Edit Distance algorithm (Levenshtein)

edit Distance definition :

The editing distance, also known as the Levenshtein distance , is the minimum number of edit operations required between two strings, from one to another.

Licensing edits include replacing one character with another, inserting a character, and deleting a character.

For example, turn Eeba into ABAC:

    1. EBA (delete First E)
    2. ABA (replace the rest of E with a)
    3. ABAC (insert C at the end)

So Eeba and Abac's editing distance is 3.

Russian scientist Vladimir Levenshtein introduced the concept in 1965.


The algorithm is simple linear dynamic programming (the longest ascending sub-sequence is linear dynamic programming).

Set us to turn S1 into S2.

Defines the state matrix Edit[len1][len2],len1 and Len2 respectively is the string to compare S1 and the length of the string S2 +1 (+1 is considering the case of the dynamic return, a string is empty)

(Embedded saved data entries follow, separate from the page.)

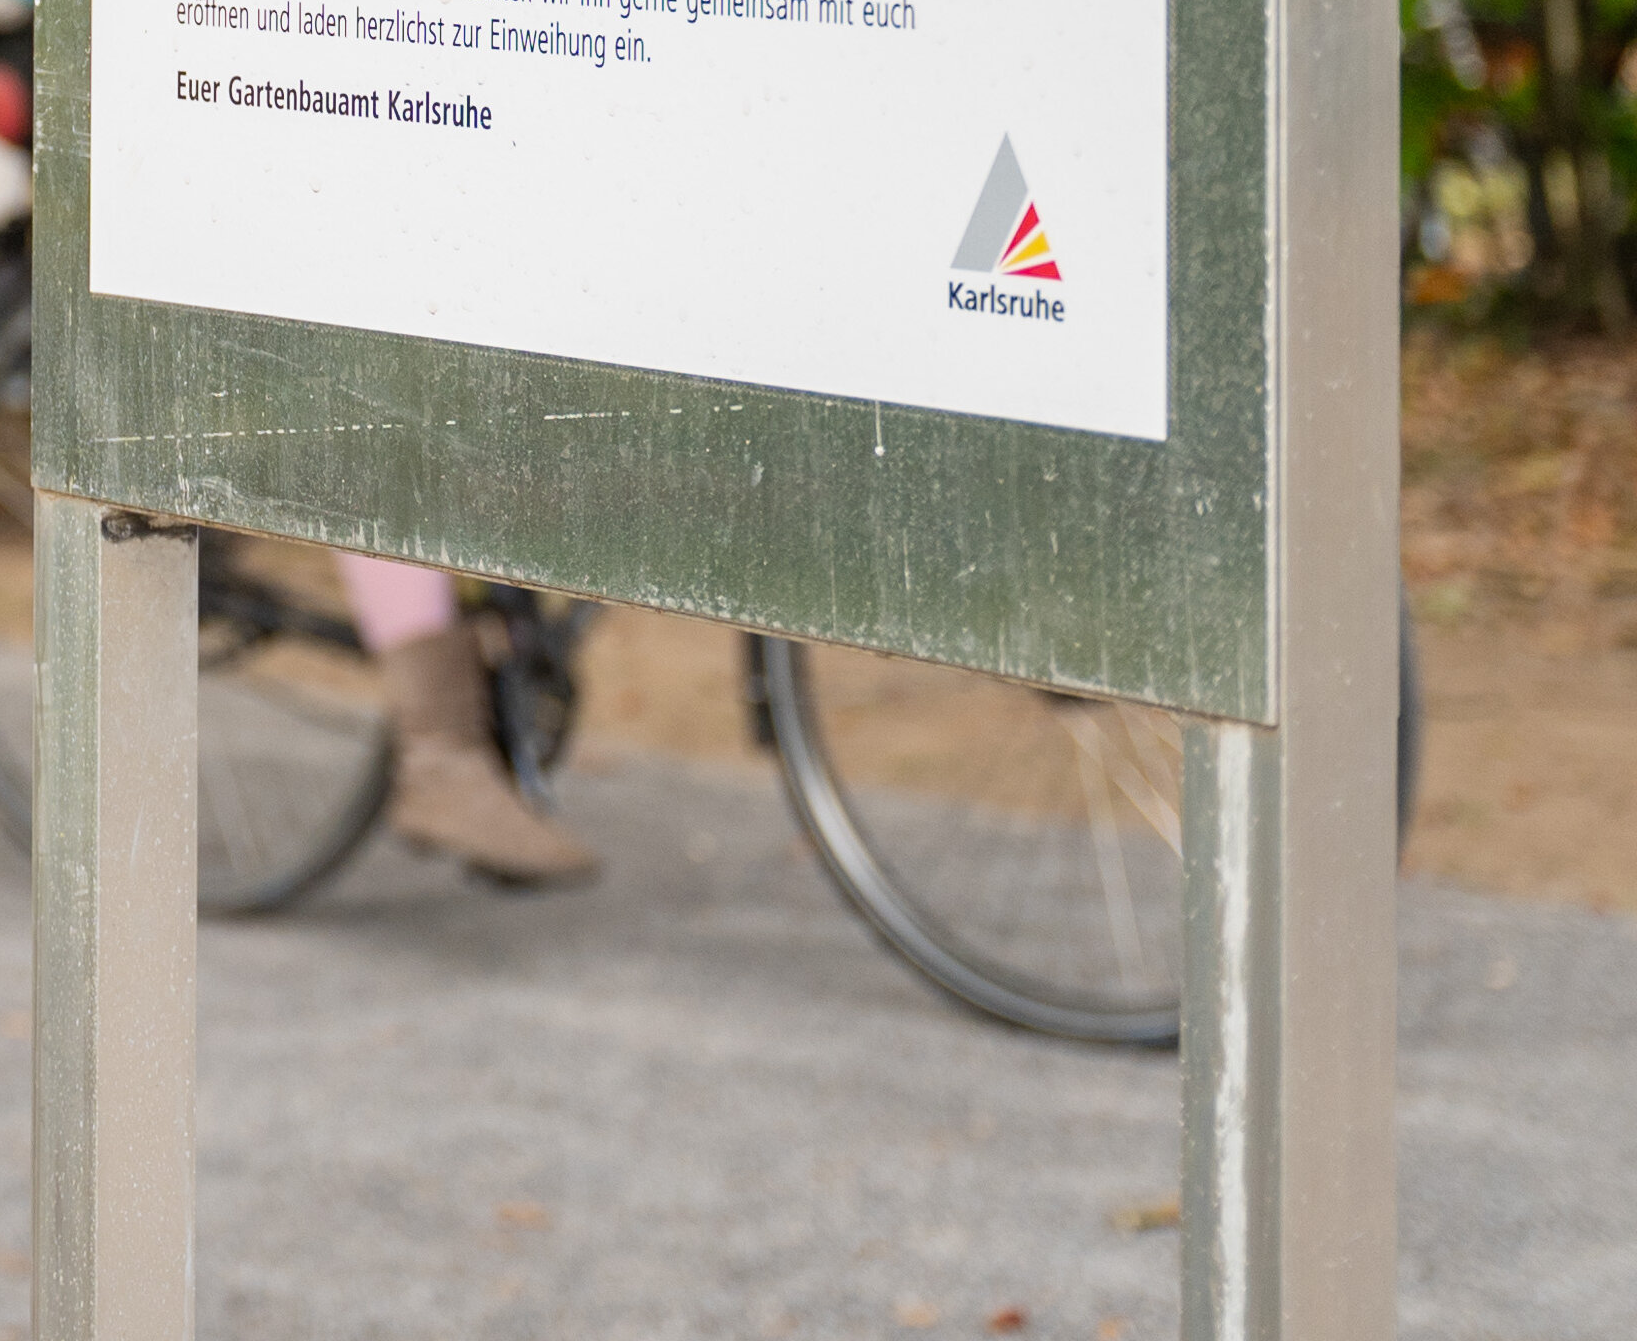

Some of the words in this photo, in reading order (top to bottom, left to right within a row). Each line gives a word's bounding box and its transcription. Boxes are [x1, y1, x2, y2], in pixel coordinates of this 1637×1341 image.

[257, 0, 290, 33] und
[298, 1, 347, 38] laden
[356, 6, 445, 46] herzlichst
[452, 23, 482, 49] zur
[490, 18, 606, 69] Einweihung
[614, 28, 651, 63] ein.
[177, 70, 221, 103] Euer
[228, 75, 380, 120] Gartenbauamt
[388, 89, 492, 130] Karlsruhe
[948, 281, 1065, 323] Karlsruhe
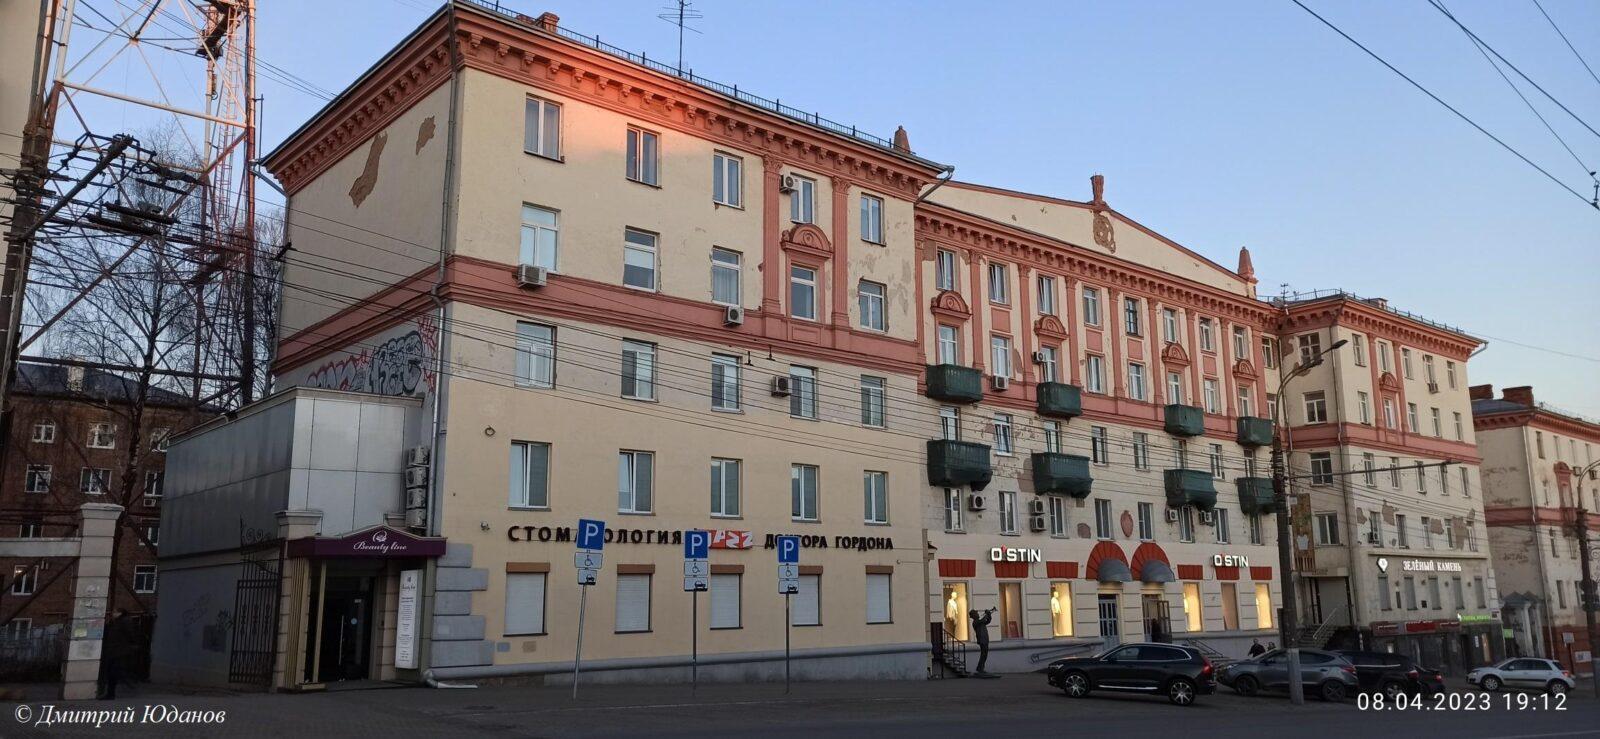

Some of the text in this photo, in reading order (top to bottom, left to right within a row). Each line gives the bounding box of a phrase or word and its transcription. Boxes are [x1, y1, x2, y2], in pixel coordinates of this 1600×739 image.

[507, 525, 682, 545] СТОМОЛОГИЯ
[584, 523, 599, 545] P
[764, 534, 894, 551] ДОРА ГОРДОНА
[353, 541, 389, 553] Beauty
[691, 534, 703, 555] P
[783, 539, 795, 560] P
[991, 544, 1041, 562] O'STIN
[1402, 560, 1462, 571] ЗЕЛЁНЫЙ КАМЕНЬ

Then, the definition Edit[i][j] is a string consisting of the first I characters in the S1, and the editing distance of the string consisting of the first J characters in the S2

The specific idea is that for each i,j starting from 0 increments, for each J + +, because the first j-1 characters and I of the editing distance has been calculated, so only consider the newly added in the first J characters can be

insert operation: insert a character ch in the S1 of the first I word specifier, so that ch equals the newly added s2[j]. So the editing distance of the insertion character ch is edit[i][j-1]+1

Delete operation: delete s1[i], in order to expect S1[i-1] can match with S2[j] (if S1[I-1] the front of a few characters can be compared with s2[j] a few characters in front of a good match, then this will get better results). In addition, EDIT[I-1][J] has been considered in cases where the characters preceding s1[i-1] match s2[j]. So delete the character Ch's editing distance is edit[i-1][j]+1

Replace operation: expect S1[i] to match with S2[J], or replace s1[i] with S2[j]. The edit distance for the replacement operation is Edit[i-1][j-1]+f (I,J). Where, when S1[i]==s2[j], F (i,j) is 0 and vice versa is 1

So the dynamic programming formula is as follows:

    • If i = = 0 and J = = 0,edit (i, j) = 0
    • If i = = 0 and J > 0,edit (i, j) = J
    • If i > 0 and j = = 0,edit (i, j) = I
    • If 0 < i≤1 and 0 < j≤1, edit (i, j) = = min{Edit (i-1, J) + 1, edit (i, j-1) + 1, edit (i-1, j-1) + f (i, j)}, when the first string When the first character of the second string is not equal to the first J character, F (i, j) = 1; otherwise, f (i, j) = 0.

Python implementations:

Official expansion pack:

Python has an official expansion pack (in PyPI, the Python package index), called Python-levenshtein, which not only calculates the editing distance, but also calculates the Hamming (Hamming) distance, Jaro-winkler distance, links are as follows:


Download python-levenshtein-0.10.2.tar.gz, unzip after CD to unzip the folder, execute:

Python setup.py Build

Python setup.py Install


Note: If you do not have Setuptools installed, you should first install the Setuptools, the link is as follows:


Download Setuptools 0.6c11, unzip, CD to the corresponding directory, execute:

Python setup.py Build

Python setup.py Install


Check for installation success: Enter Python, execute from Levenshtein import *, and install if no error has been achieved

For specific use, see the following blog post (there is a complete link to use the document below this post):


Note: When importing from Levenshtein import *, you do not need to add Levenshtein when calling the function.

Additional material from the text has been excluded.